“Getting Out of the Building: Customer Development”

How are we interpreting our situations? How are we thinking about where we are going? What do we think about the work we are doing? These are vital questions, but what do they amount to if we do not act on them.

In entrepreneurship, theory becomes a reality when we step out and interact with the world around us. Like a painter capturing the mood of a scene they find evocative, an entrepreneur’s real power comes from going out and engaging with their stakeholders. Their innovation comes from this person-to-person exchange.
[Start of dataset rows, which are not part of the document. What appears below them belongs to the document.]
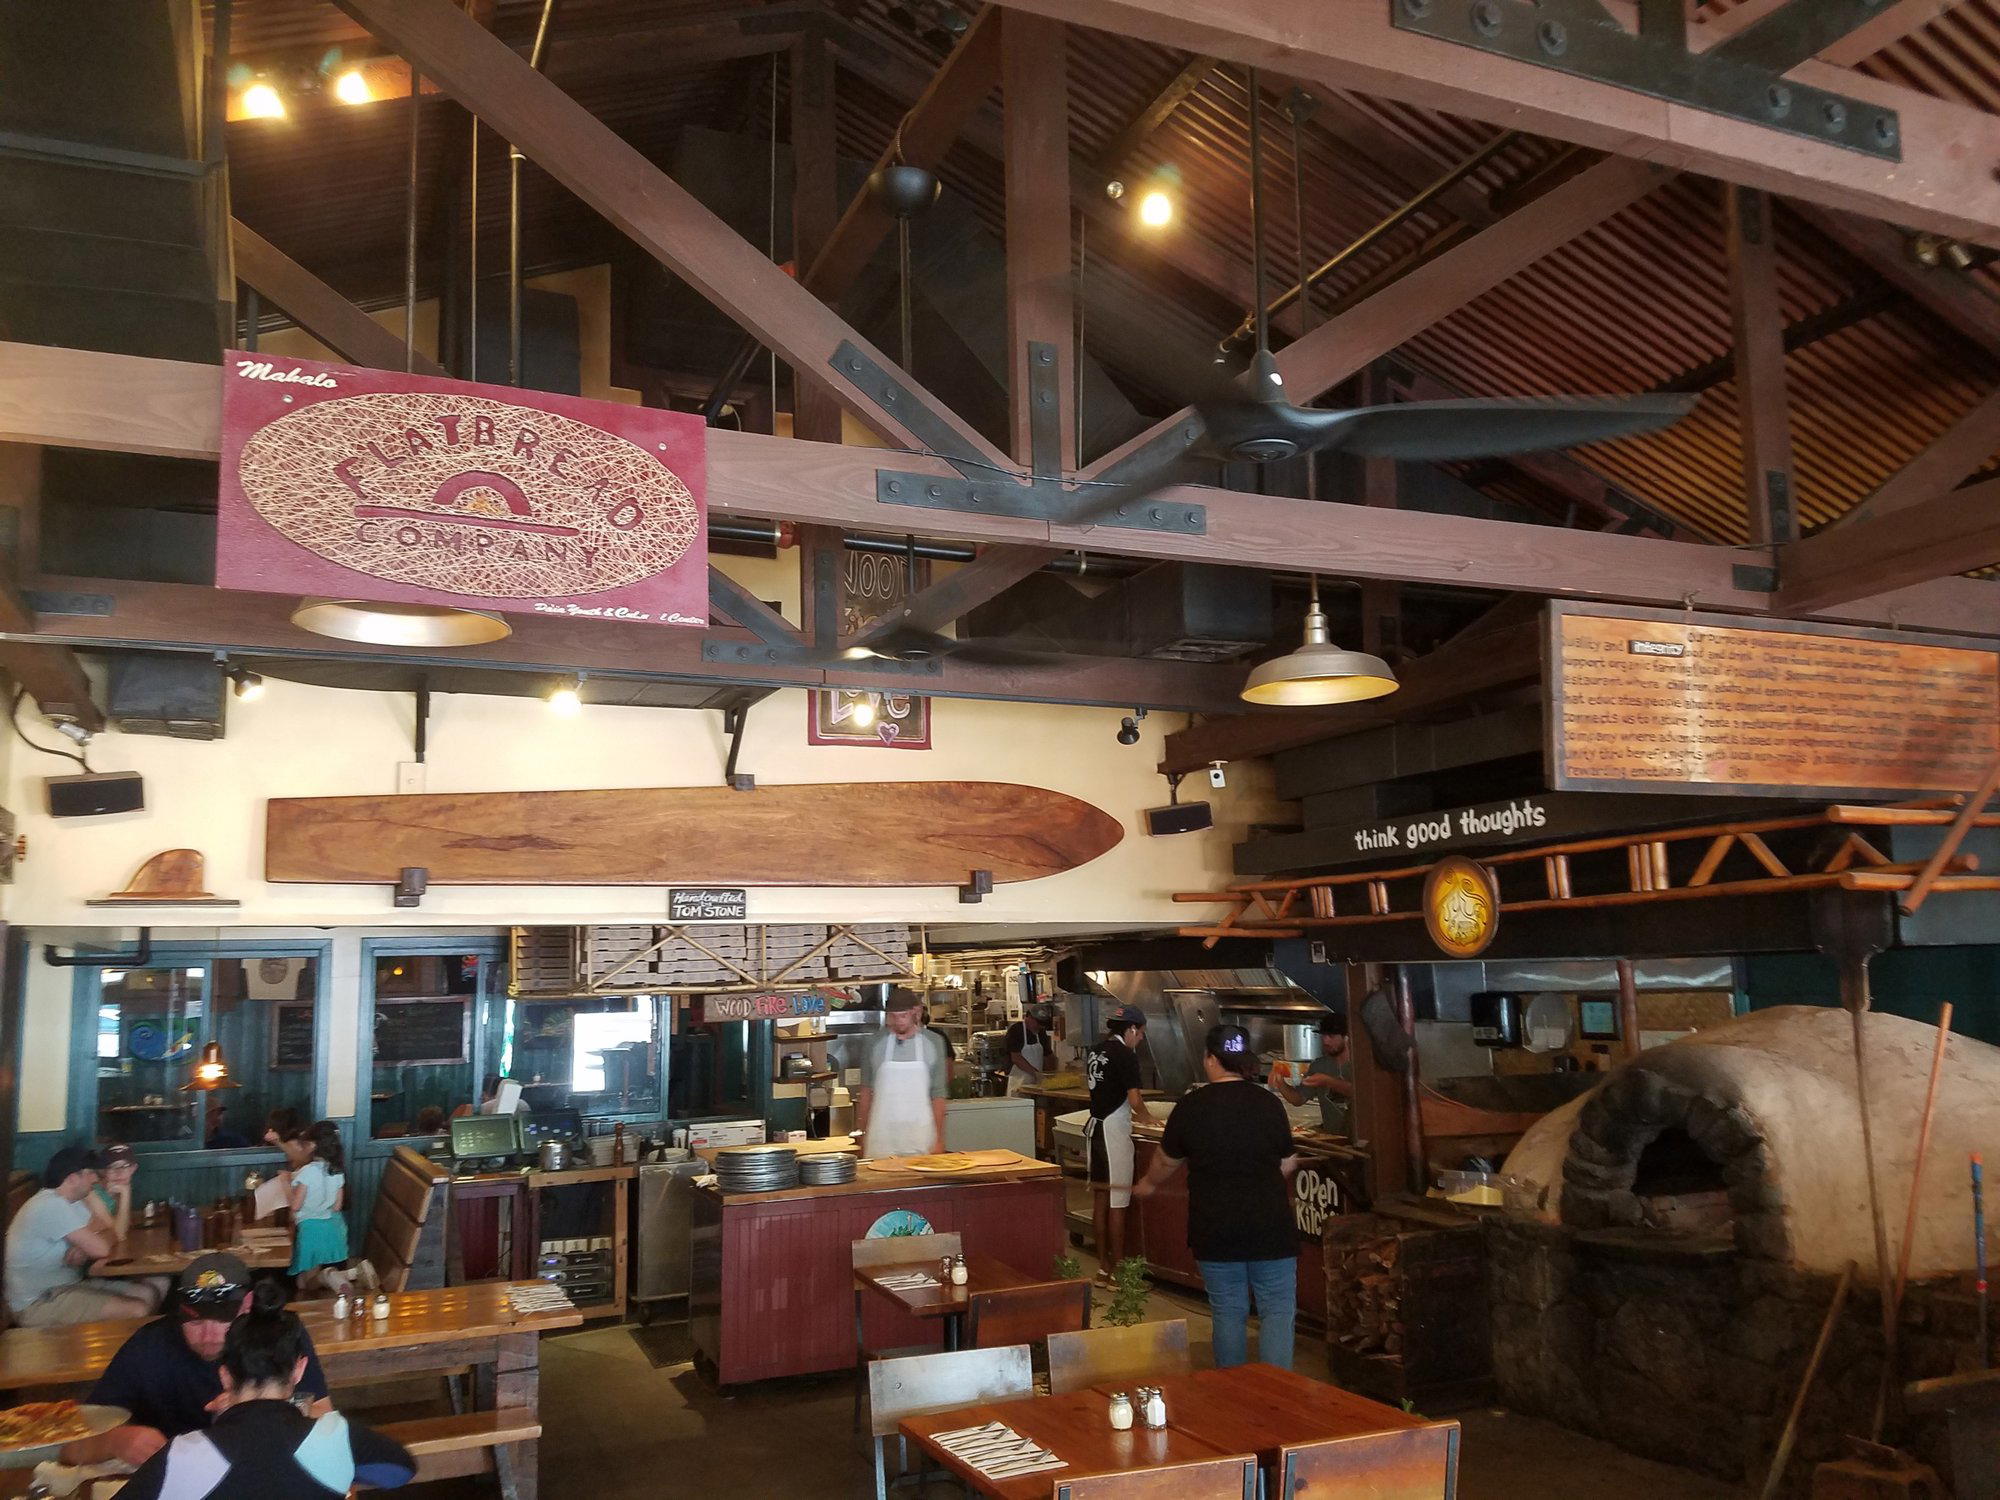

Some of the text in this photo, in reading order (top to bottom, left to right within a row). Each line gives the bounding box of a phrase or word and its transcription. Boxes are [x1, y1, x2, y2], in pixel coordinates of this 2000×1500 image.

[236, 361, 338, 389] Mahalo
[356, 521, 598, 569] COMPANY
[603, 607, 615, 617] &
[1355, 799, 1547, 851] think good thoughts
[672, 904, 745, 918] TOM STONE
[714, 996, 752, 1017] WOOD
As part of the Kauffman Foundation’s Learning Paths resource, anyone can engage with a suite of entrepreneurial knowledge taught by experts. We’d especially like to highlight a piece from their Lean Approach series about customer discovery. As they phrase it, entrepreneurs can have a very innovative idea, but this is only a hypothesis. They have yet to test this until they leave the building. Once they get out and engage with stakeholders, they can begin a more formal testing approach. They gather data (feedback of their idea) and analyze it to find insights into what iterations or pivots they may need to make.

What is crucial here is that this process does not need to use much money. The process will often save the entrepreneur money instead of getting investment and putting a product or service out to market that has not been thoroughly vetted by this more scientific process.

In short, it’s acting on the idea in small, iterative ways that can make the most impactful and, therefore, meaningful endeavor come to life.